My opinion–she’s mad as a hatter (or at least she was on the day that she murdered her kids). She’s probably not a danger to society at this point, but she should get years of confined therapy, and never be allowed to bear any more children.
But the larger point is that all that is immoral is not necessarily illegal, nor should it be. And vice versa. Yes, we all know that killing your own children is wrong, but not simply because there’s a law against it. And not all things that are illegal (such as not reporting the location of Jews in Nazi Germany) are wrong.
And the point of this post is that, just because Andrea Yates reported her crime to the authorities, and was willing to accept the consequences, it does not mean that she properly understood the moral implications of her act.
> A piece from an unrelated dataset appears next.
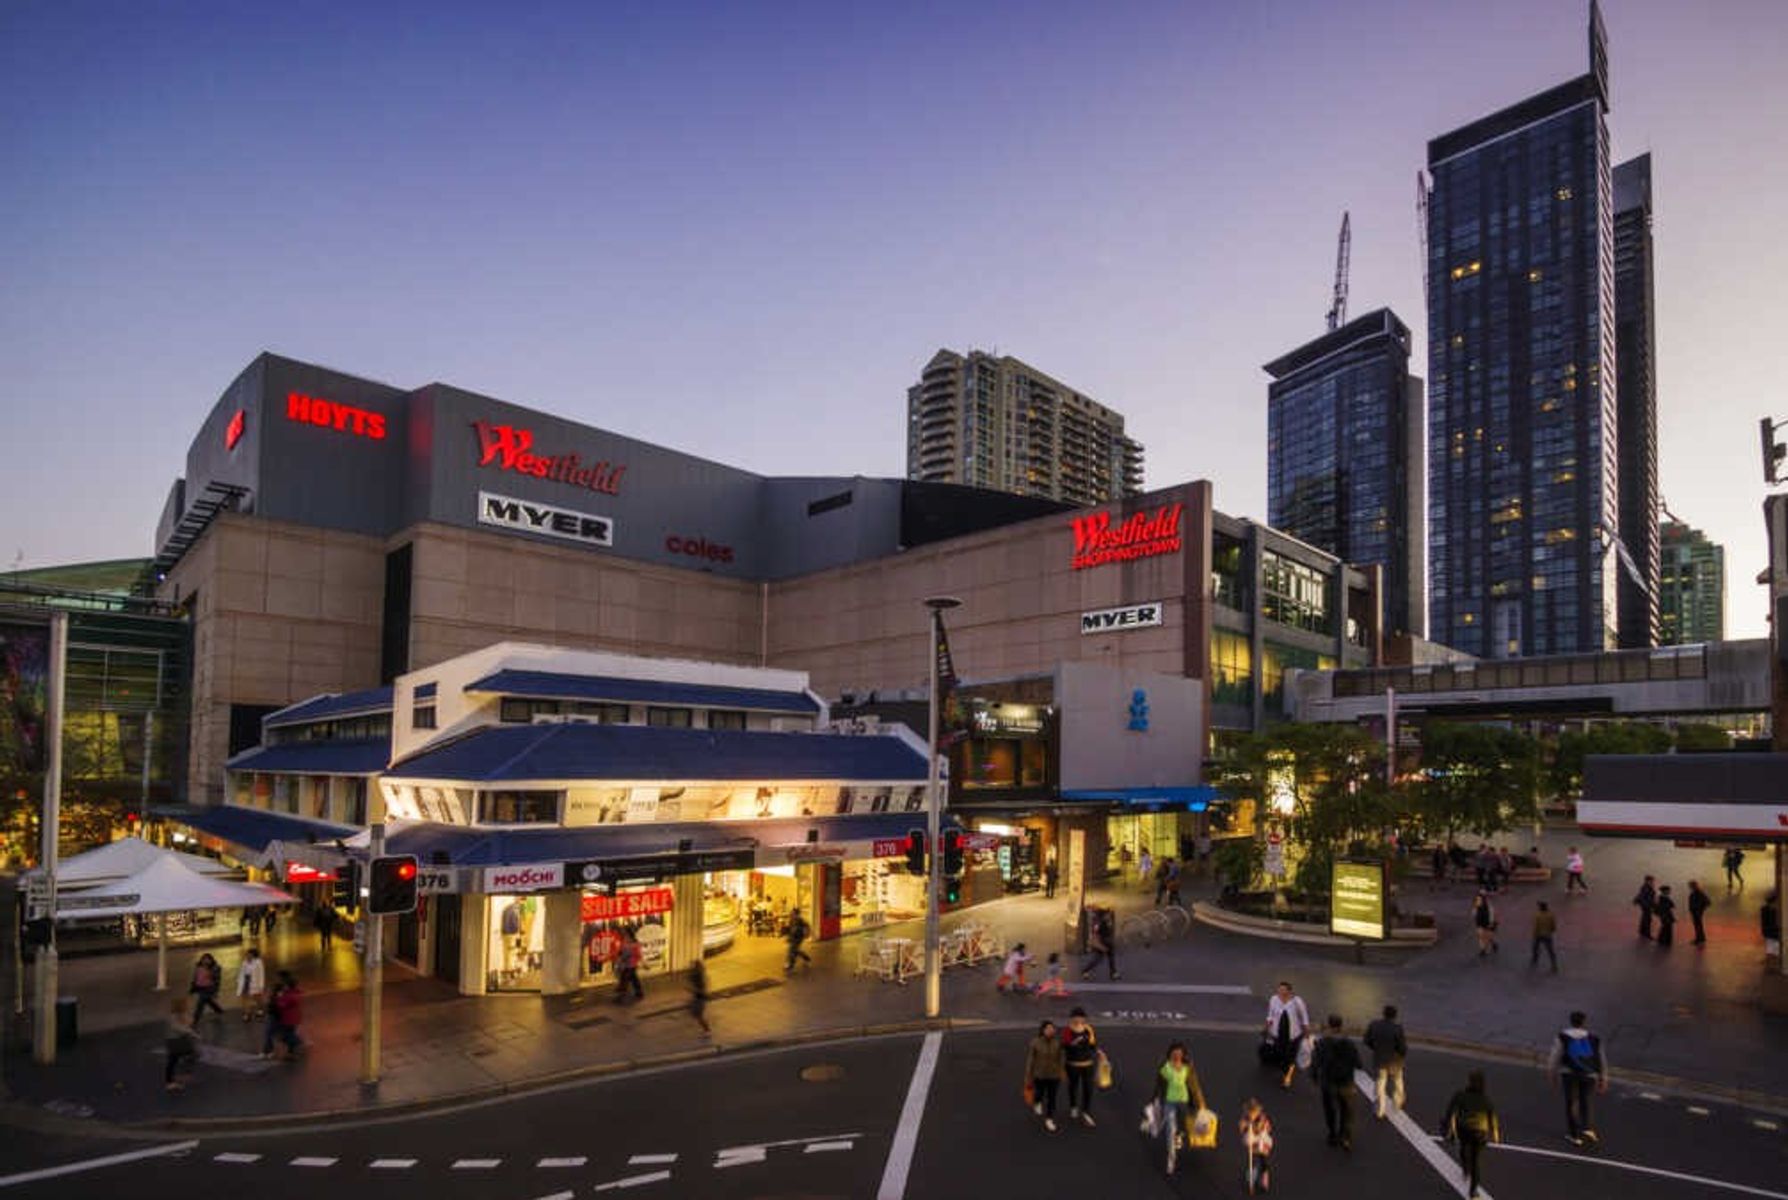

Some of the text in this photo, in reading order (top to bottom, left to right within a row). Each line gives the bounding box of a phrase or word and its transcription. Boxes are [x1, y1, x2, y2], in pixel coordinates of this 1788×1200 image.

I’ve been as hard on the EU as anyone in blogdom, but I want to extend my most profound sympathy to the families of the German and Danish (and any others of which I’m unaware) soldiers who were killed in Kabul, in defense of civilization.
This is pretty neat. After over twenty years, it’s still possible to communicate with Pioneer 10, even though it’s almost seven and a half billion miles away (twice the distance to Pluto, the most distant planet) and far outside our solar system. It took over twenty-two hours for the signal to be received and acknowledged. From there, the sun is just another bright star, and there is no heat for the spacecraft except what it can still generate from its depleting plutonium power generator.
This would not have been possible if it had had any other than a nuclear power source.
The numbers involved here are staggering. It’s so far away, and the signal so diffuse, that by the time it reaches the earth, it has a power of only ten to the minus 20th or so watts. That’s 0.00000000000000000001 (that’s nineteen zeros after the decimal point). But we can still pick up the signal, using the huge dishes in places like Goldstone in California.
And the data rate is probably excruciatingly low.
Given the ability to get just a few bits through, I wonder what the conversation was…
Ground: Hello, Pioneer. Are you out there?
Pioneer: Yes.
Ground: How are you doing?
Pioneer: How do you think I’m doing? I’M FREEZING IN THE DARK! What did you think you were doing, sending me all the way out here?! And why don’t you ever write?